The problem: All of the records below must be reproduced exactly, minus any pictures.

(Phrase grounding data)

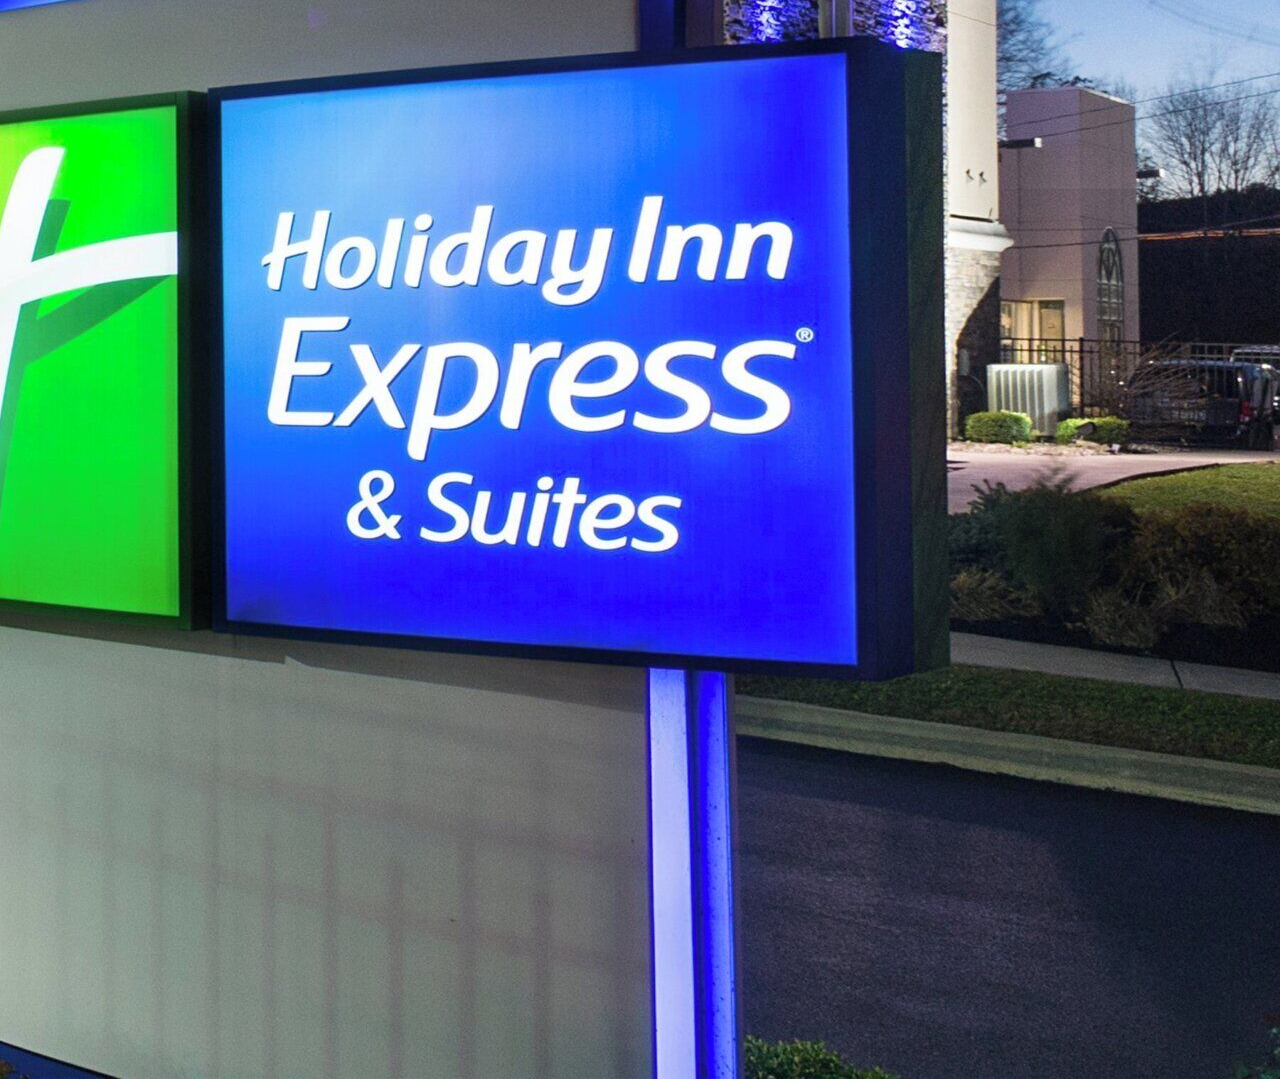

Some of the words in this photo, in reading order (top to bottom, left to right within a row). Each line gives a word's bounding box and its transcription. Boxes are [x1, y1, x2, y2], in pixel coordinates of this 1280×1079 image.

[260, 204, 614, 306] Holiday
[627, 195, 794, 283] Inn
[346, 469, 402, 540] &
[419, 471, 682, 552] Suites
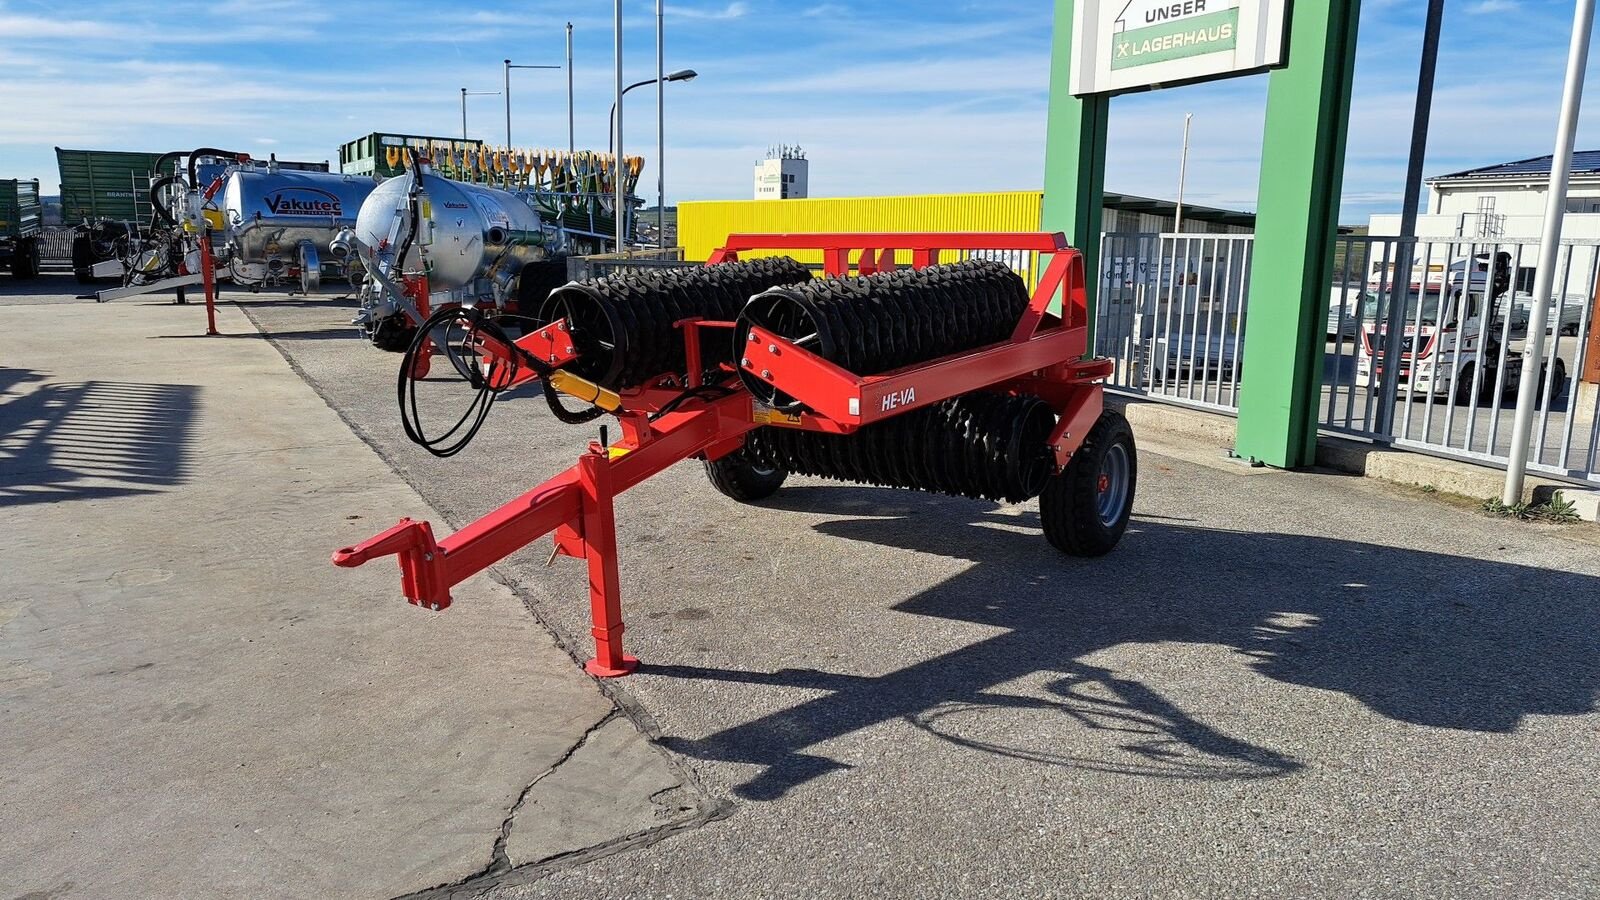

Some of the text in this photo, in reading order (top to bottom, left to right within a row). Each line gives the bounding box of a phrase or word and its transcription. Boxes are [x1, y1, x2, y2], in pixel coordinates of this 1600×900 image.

[1145, 0, 1206, 23] UNSER
[1132, 23, 1233, 56] LAGERHAUS
[263, 194, 342, 214] Vakutec
[881, 386, 916, 413] HE-VA
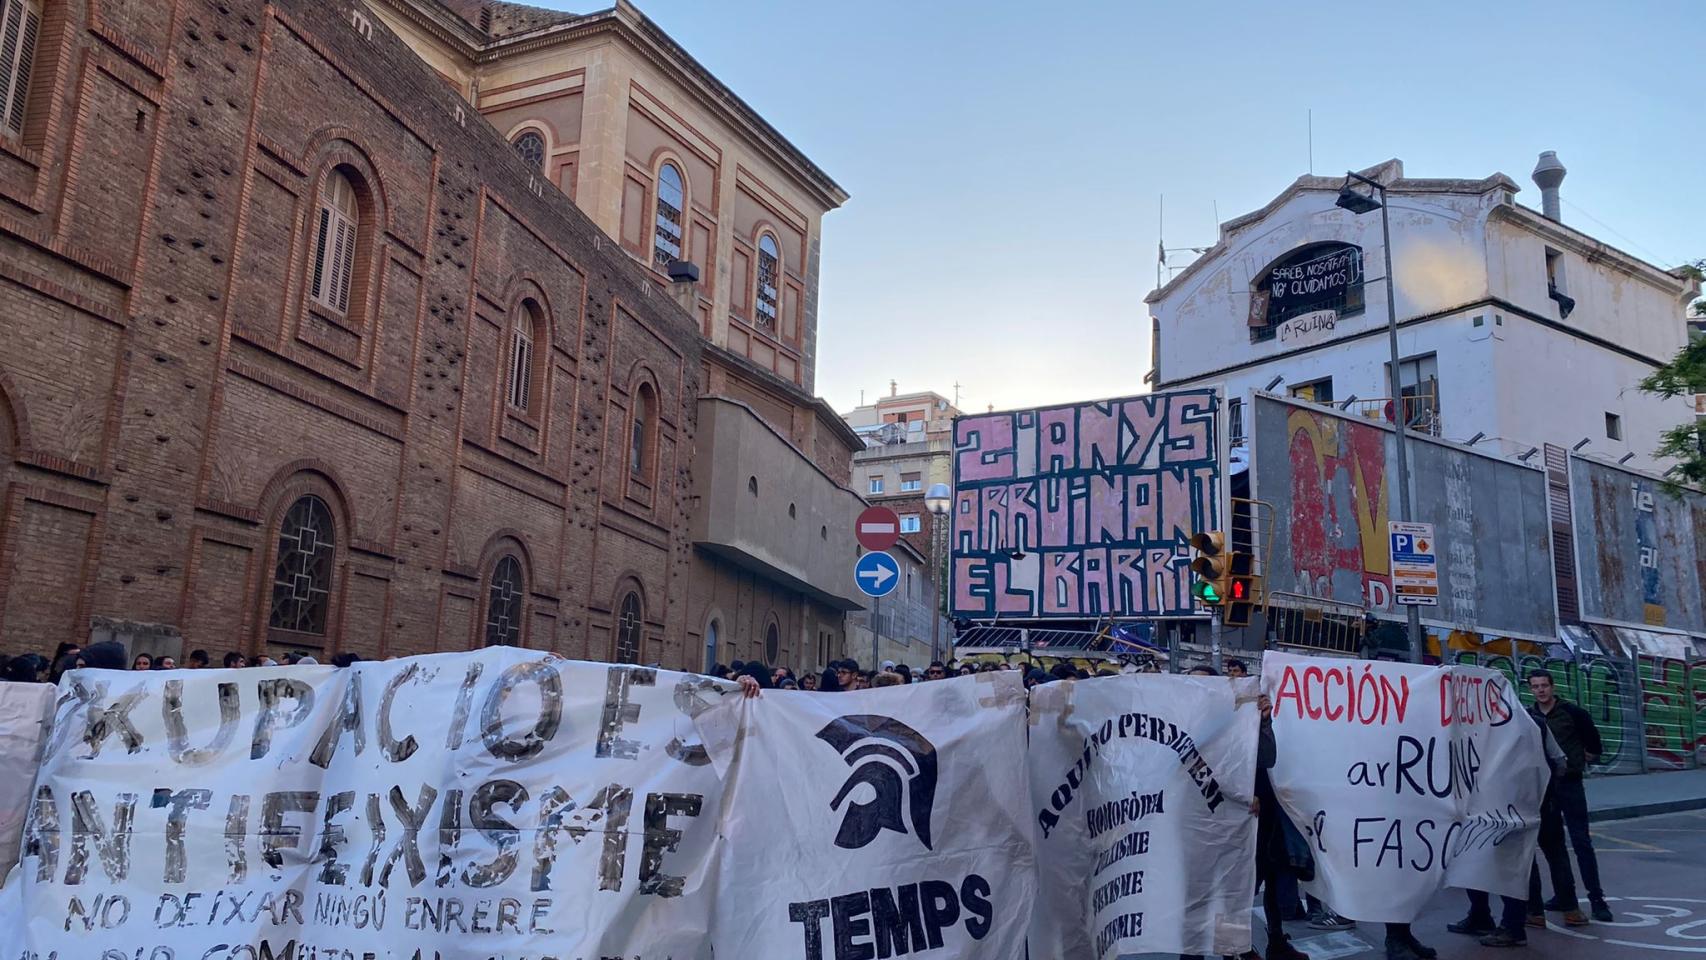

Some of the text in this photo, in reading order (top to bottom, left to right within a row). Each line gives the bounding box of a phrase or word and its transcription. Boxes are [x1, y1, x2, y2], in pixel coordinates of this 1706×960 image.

[1039, 393, 1213, 474] ANYS
[1396, 534, 1408, 551] P
[955, 556, 1034, 613] EL
[1089, 719, 1113, 757] NO
[64, 889, 555, 935] NO DEIXAR NINGÚ ENRERE
[788, 873, 994, 960] TEMPS
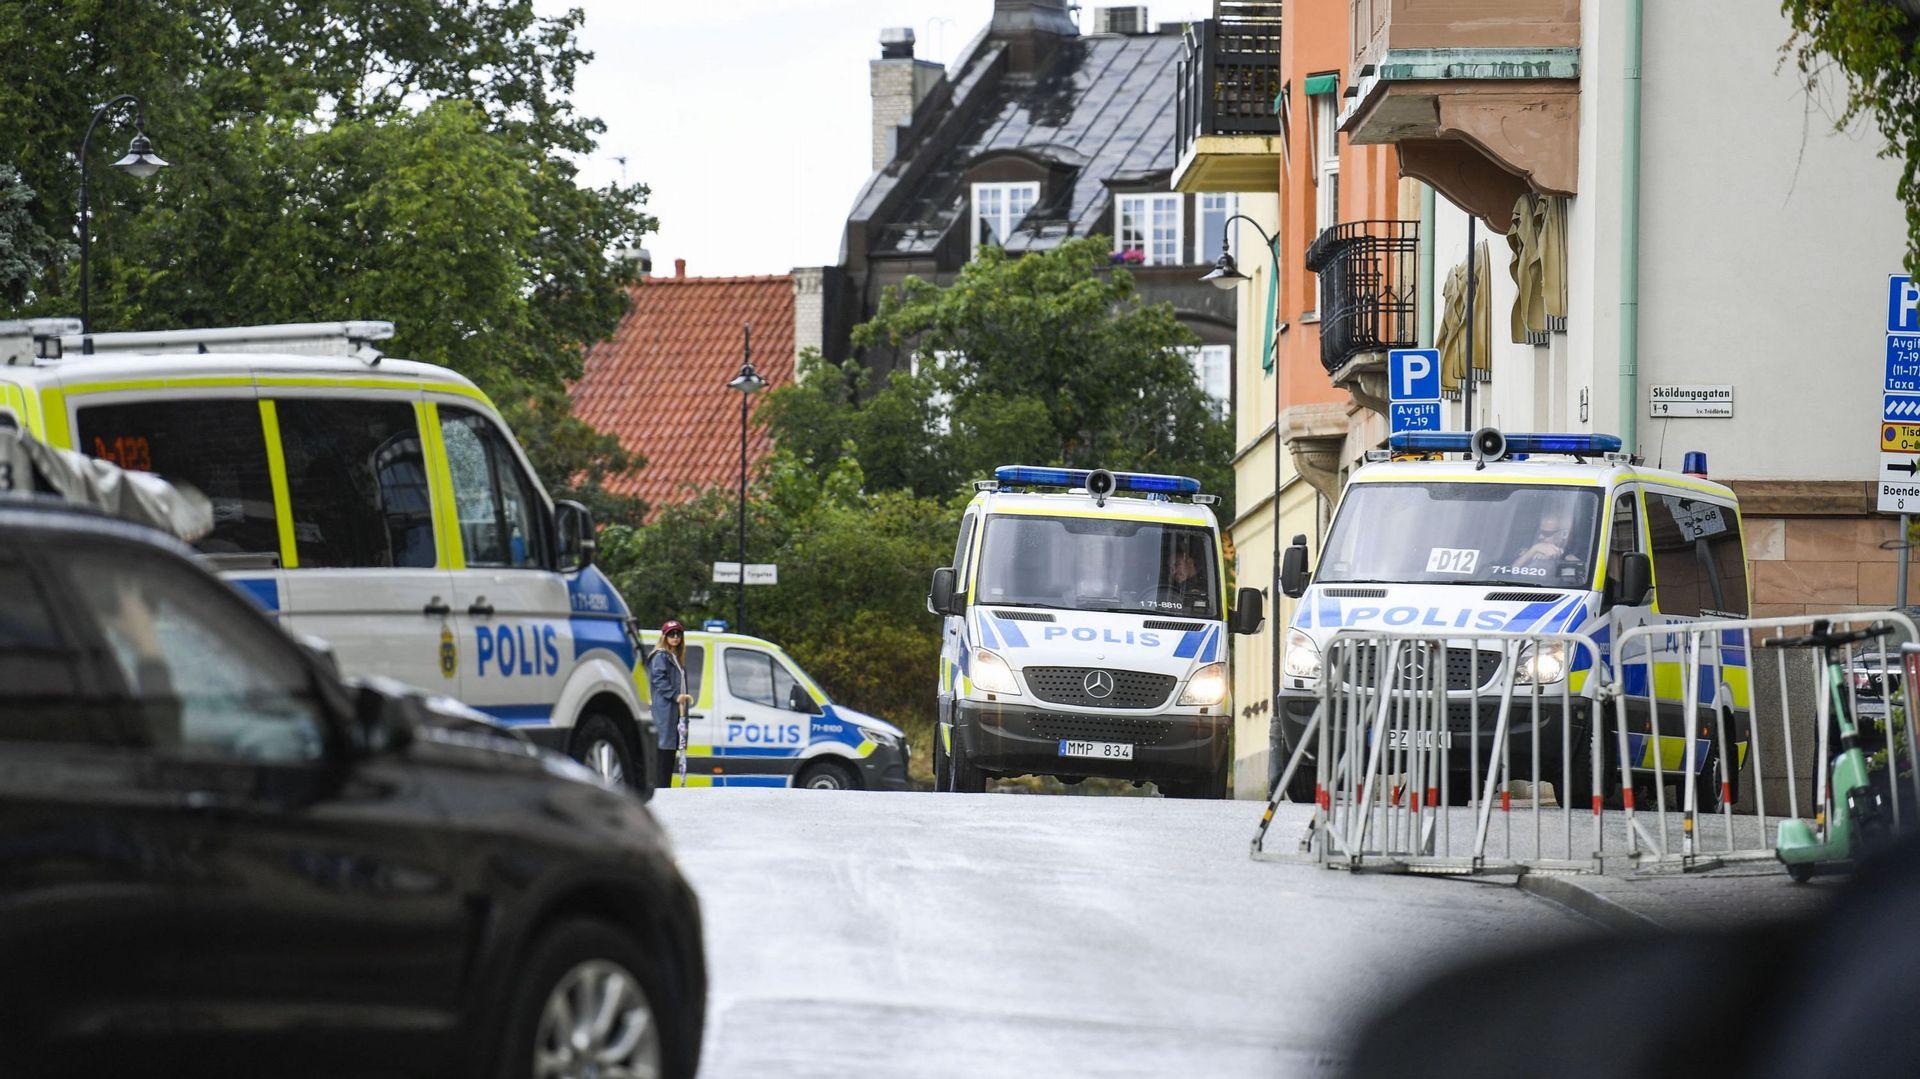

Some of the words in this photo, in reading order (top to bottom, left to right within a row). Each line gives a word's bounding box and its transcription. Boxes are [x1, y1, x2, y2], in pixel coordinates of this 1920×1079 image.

Answer box:
Some of the words in this photo, in reading order (top to bottom, left to right within a row). Each line gives a word's bounding box and its transcription. Boxes are [x1, y1, x2, y2], in pixel coordinates of this 1280×1079 image.

[260, 204, 614, 306] Holiday
[627, 195, 794, 283] Inn
[346, 469, 402, 540] &
[419, 471, 682, 552] Suites

Some of the text in this photo, in reading order (top to bottom, left to right within a row). Each line gives the bounding box of a phrase or word and its transcription. Boxes are [x1, y1, x2, y2], in pixel coordinates of this 1600×900 image.

[1145, 0, 1206, 23] UNSER
[1132, 23, 1233, 56] LAGERHAUS
[263, 194, 342, 214] Vakutec
[881, 386, 916, 413] HE-VA

Some of the text in this photo, in reading order (top to bottom, left to right within a row). Each line gives the bounding box of a phrase or word and its transcription. Boxes are [x1, y1, x2, y2], in pixel coordinates of this 1706×960 image.

[1039, 393, 1213, 474] ANYS
[1396, 534, 1408, 551] P
[955, 556, 1034, 613] EL
[1089, 719, 1113, 757] NO
[64, 889, 555, 935] NO DEIXAR NINGÚ ENRERE
[788, 873, 994, 960] TEMPS

Some of the words in this photo, in reading order (top to bottom, left to right within a row). Each line gives a word's bounding box and its transcription. Boxes are [x1, y1, x2, y2], in pixel coordinates of this 1920×1079 image.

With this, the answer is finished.